Retired IT assets that leave a healthcare facility without documented sanitization or destruction are a breach risk under 45 CFR 164.402. The failure point is almost never the deletion itself — it is the absence of documentation proving the deletion occurred.

How Excess IT Hardware Stays HIPAA Compliant

HIPAA compliance for an IT disposal vendor is not a single certificate hanging on a wall. It is the combination of trained personnel, documented procedures, and contractual accountability. Here is how Excess IT Hardware delivers each element:

HIPAA-Certified Technicians

Every Excess IT Hardware employee who handles client equipment completes formal HIPAA training, which includes a HIPAA education course covering the Privacy Rule and Security Rule, and a HIPAA Security course covering the technical, administrative, and physical safeguards for ePHI under 45 CFR 164.308 through 164.312. Individual certificates of completion are kept on file and available on request. This is what makes Excess IT Hardware a HIPAA compliant vendor — the personnel handling your equipment are personally trained and personally certified.
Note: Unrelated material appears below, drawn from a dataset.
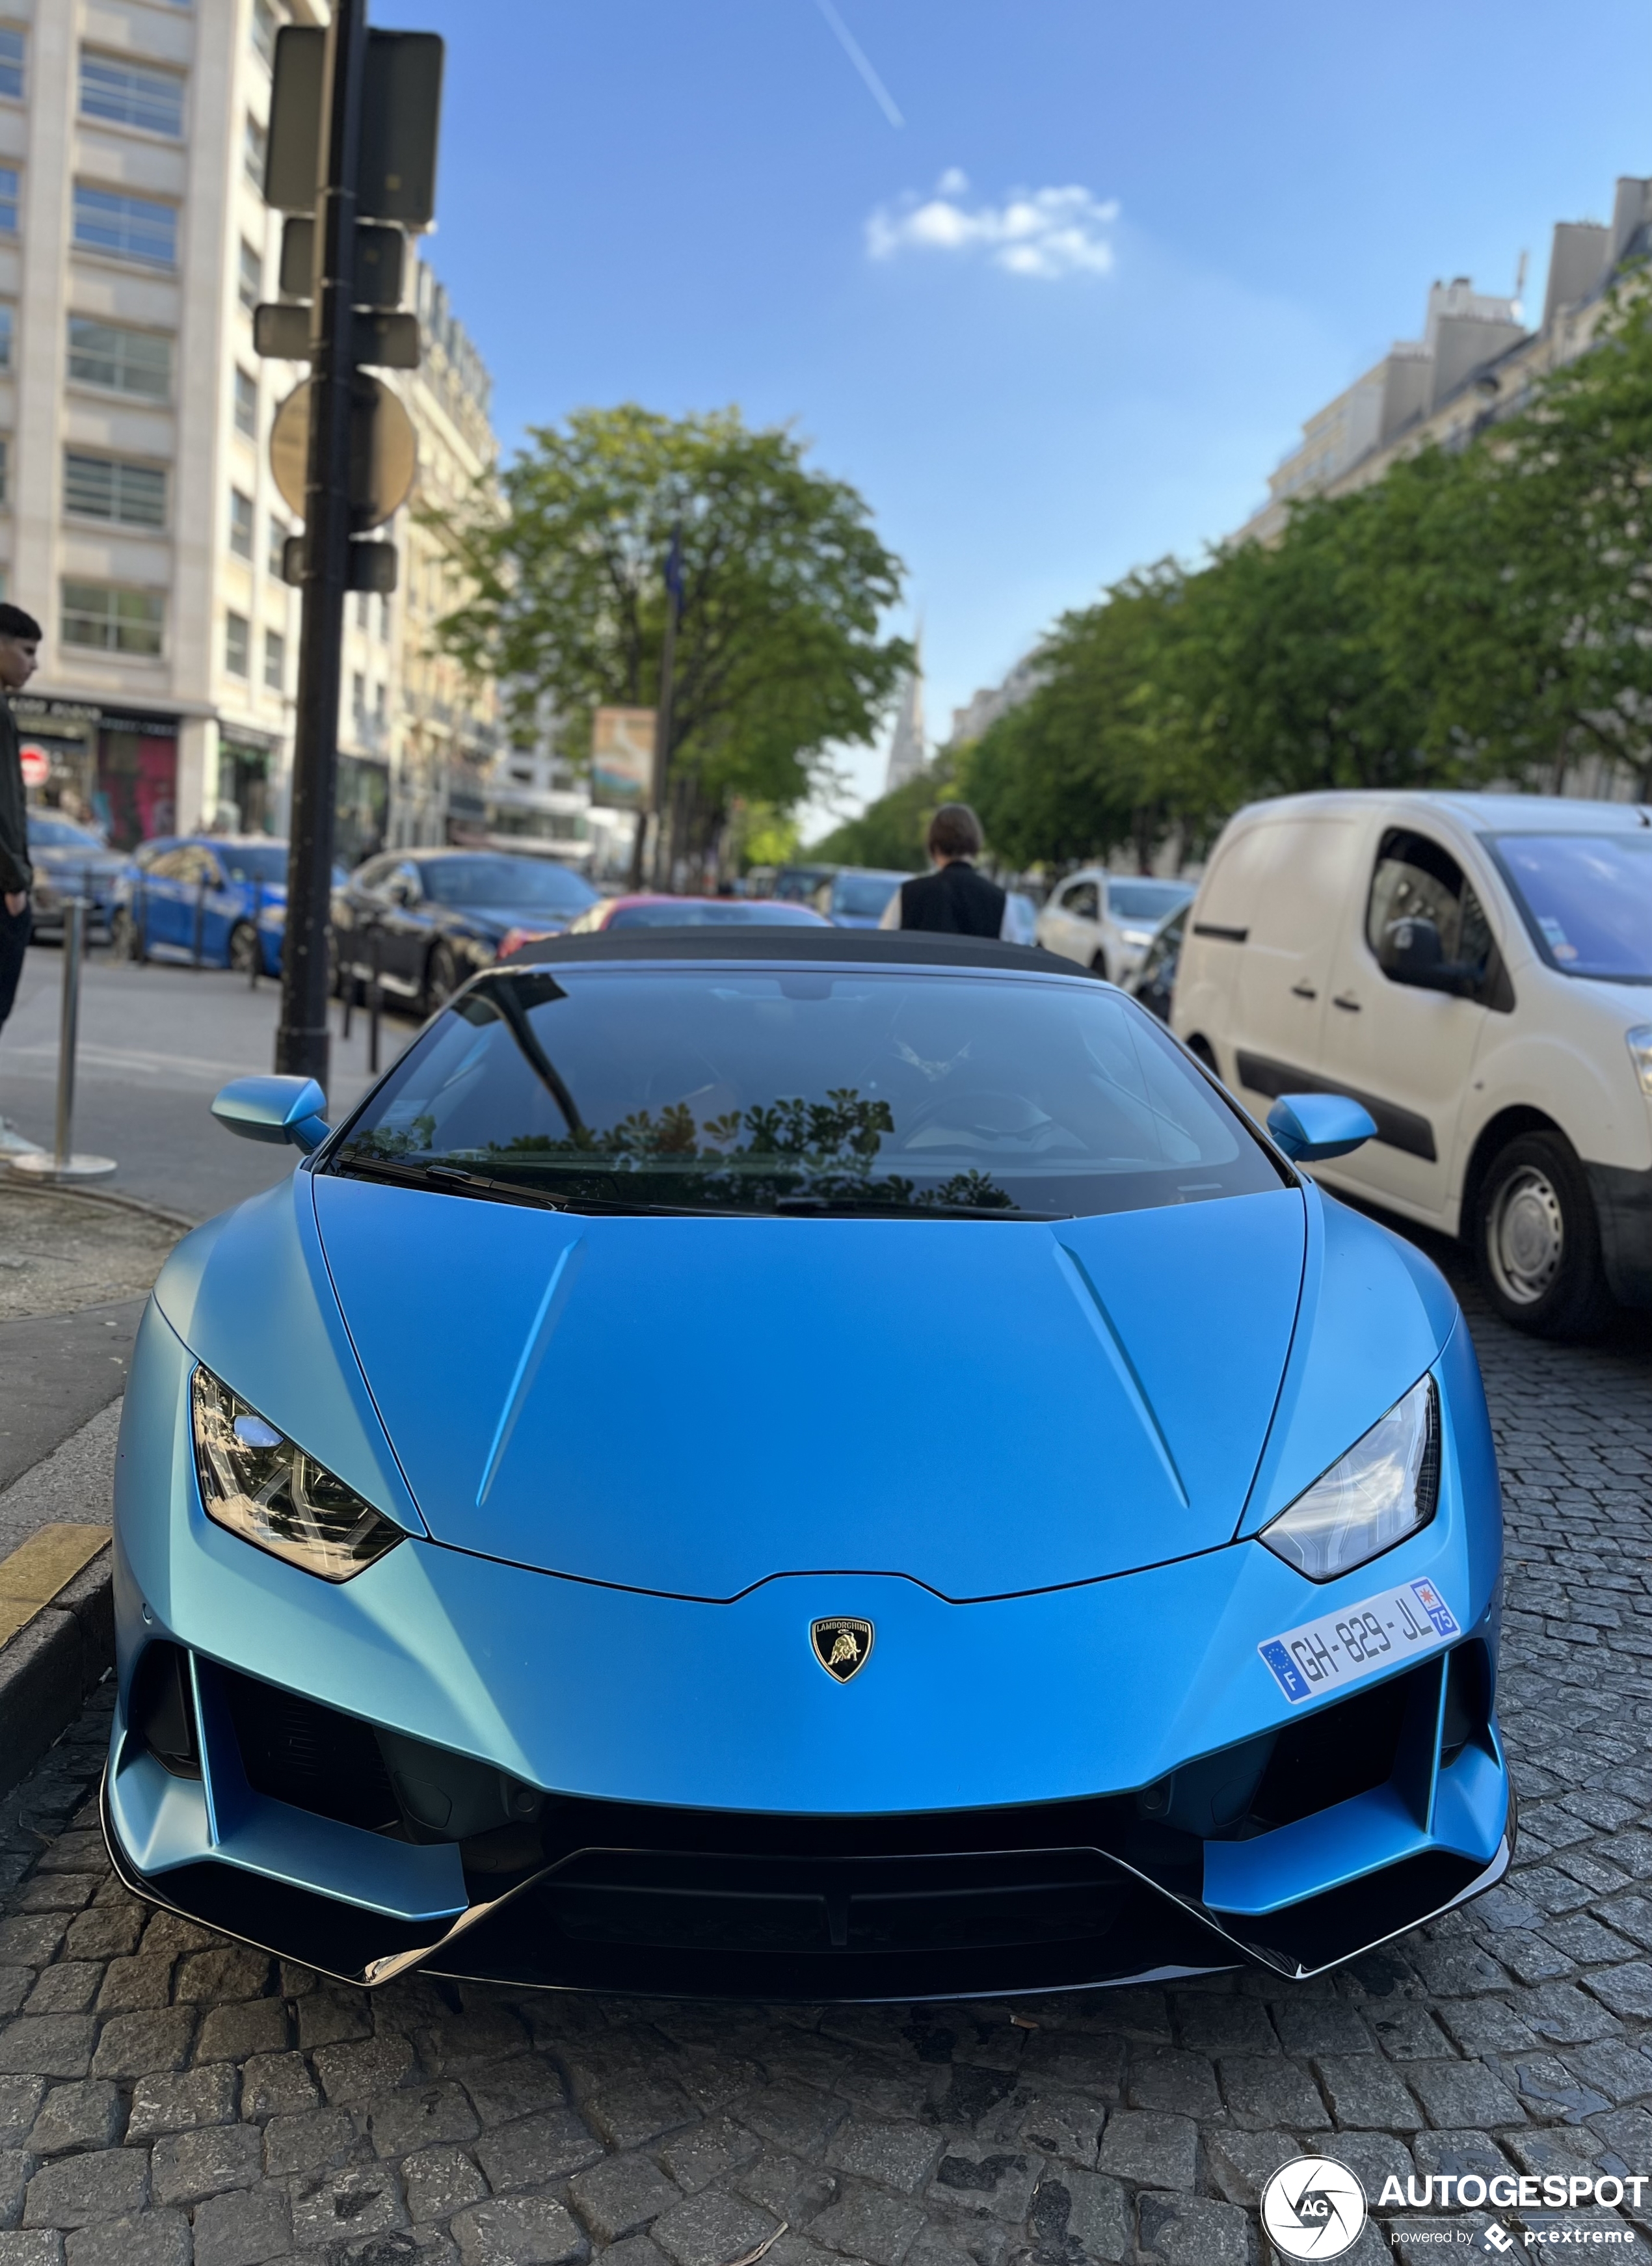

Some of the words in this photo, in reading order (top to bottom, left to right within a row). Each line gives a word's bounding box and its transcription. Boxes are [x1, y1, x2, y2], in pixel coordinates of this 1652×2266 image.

[816, 1621, 867, 1633] LAMBORGHINI
[1431, 1609, 1452, 1631] 75
[1291, 1598, 1433, 1681] GH-829-JL
[1283, 1671, 1296, 1691] F
Business Associate Agreement (BAA)

Excess IT Hardware executes a Business Associate Agreement with each Covered Entity client, as required under 45 CFR 164.308(b) and 164.314(a). The BAA establishes our contractual obligations to protect ePHI, defines permitted uses, requires breach notification, and specifies the safeguards we apply. BAAs are reviewed annually and updated to match current OCR guidance.

Documented Chain of Custody

Every device leaving a client facility is logged at the point of pickup with serial number, asset tag, location, and the name of the receiving Excess IT Hardware technician. The chain of custody is maintained through transport, intake at our facility, sanitization or destruction, and final disposition. This documentation is what closes the audit trail under 45 CFR 164.310(d)(2)(iii).
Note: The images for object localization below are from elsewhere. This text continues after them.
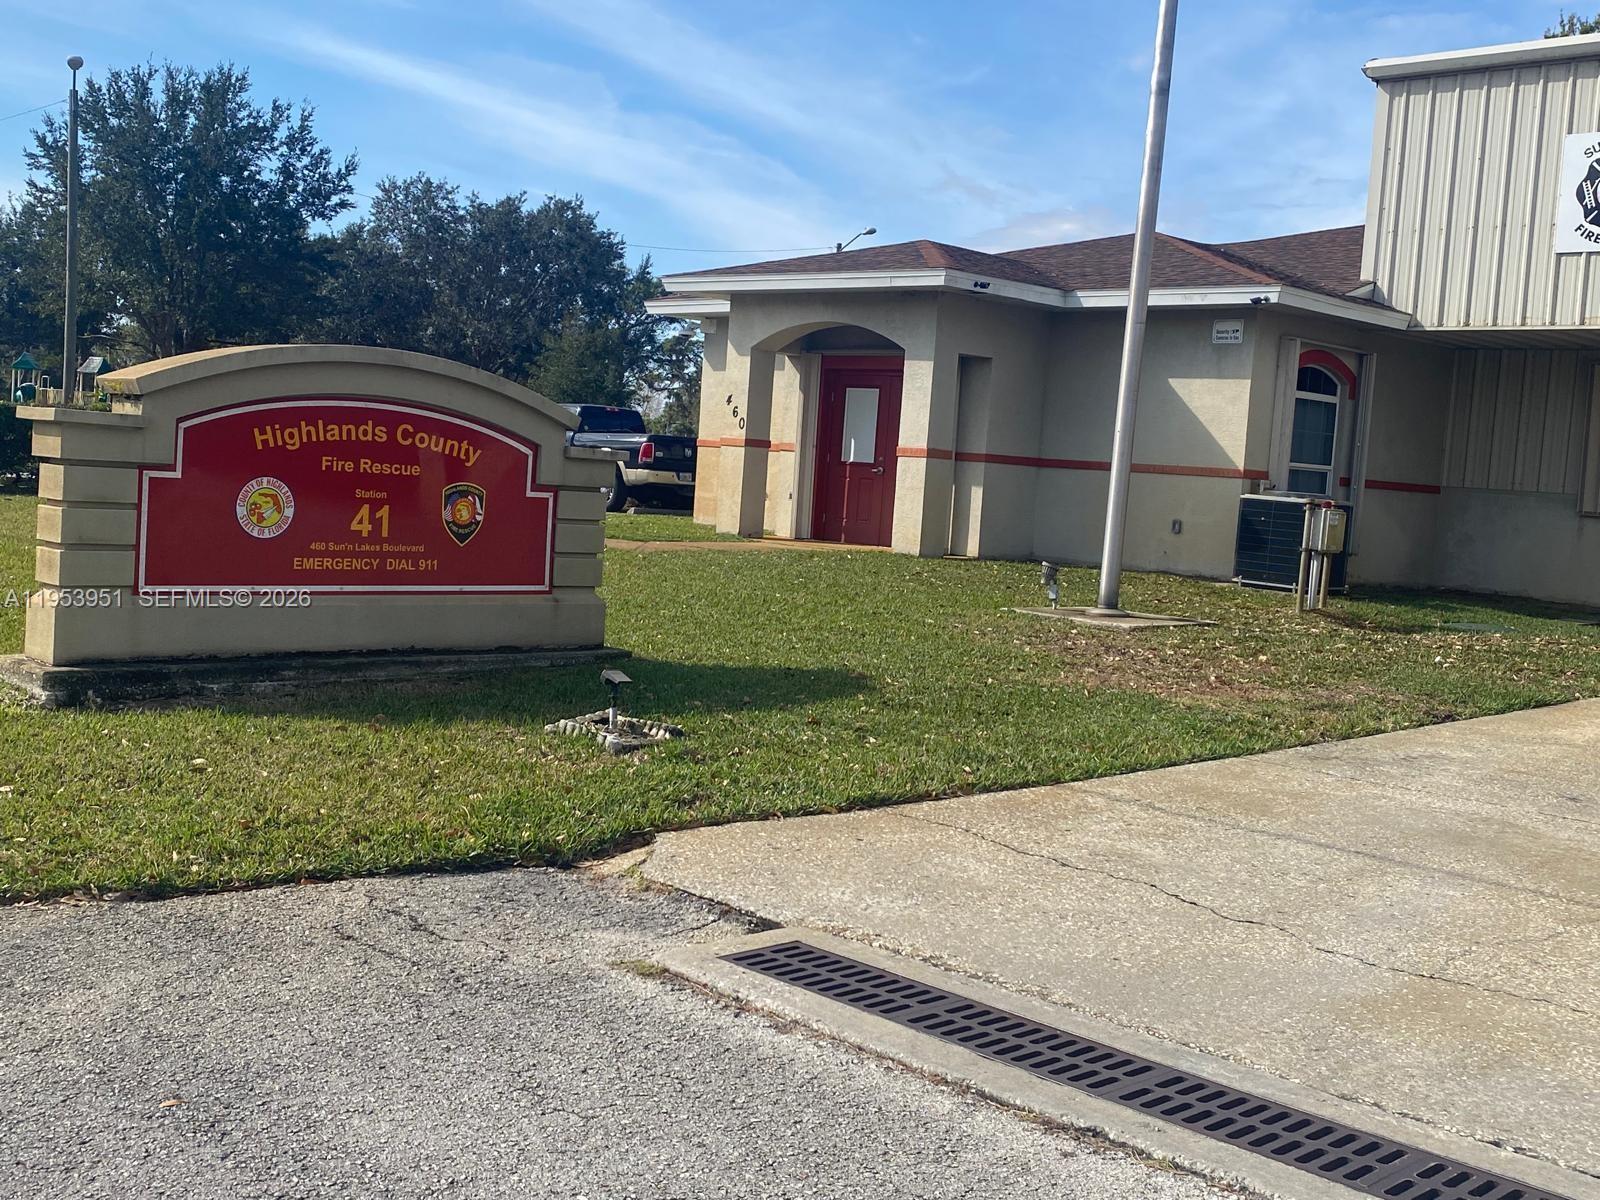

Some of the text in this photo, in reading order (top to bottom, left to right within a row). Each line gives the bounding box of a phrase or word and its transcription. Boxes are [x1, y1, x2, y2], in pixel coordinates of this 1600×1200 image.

[726, 394, 745, 430] 460
[253, 419, 482, 467] Highlands County
[321, 456, 421, 476] Fire Rescue
[238, 478, 293, 509] COUNTY OF HIGHLANDS
[355, 488, 387, 499] Station
[239, 513, 291, 536] STATE OF FLORIDA
[350, 503, 390, 538] 41
[310, 542, 425, 552] 460 Sun'n Lakes Boulevard
[293, 557, 438, 570] EMERGENCY DIAL 911
NIST 800-88 Destruction Standards

All data-bearing media is sanitized following NIST Special Publication 800-88 — the methodology HHS references as the standard for media disposal. Hard drives are physically shredded to particle sizes that prevent reconstruction. SSDs are destroyed using methods validated for flash media. Tapes are degaussed and shredded. The destruction method is matched to the media type, not applied generically.

Certificate of Destruction

After destruction is complete, a serialized Certificate of Destruction is issued. The certificate lists each asset by serial number, the destruction method applied, the date, the technician who performed the work, and is signed under the BAA. This is the document your compliance officer or auditor will request.

The HIPAA-Compliant Disposal Process

Six steps, every time, regardless of asset volume:

  1. BAA Execution

Before the first asset is touched, Excess IT Hardware and the Covered Entity execute a Business Associate Agreement. This establishes the legal framework for the engagement and is required under 45 CFR 164.308(b).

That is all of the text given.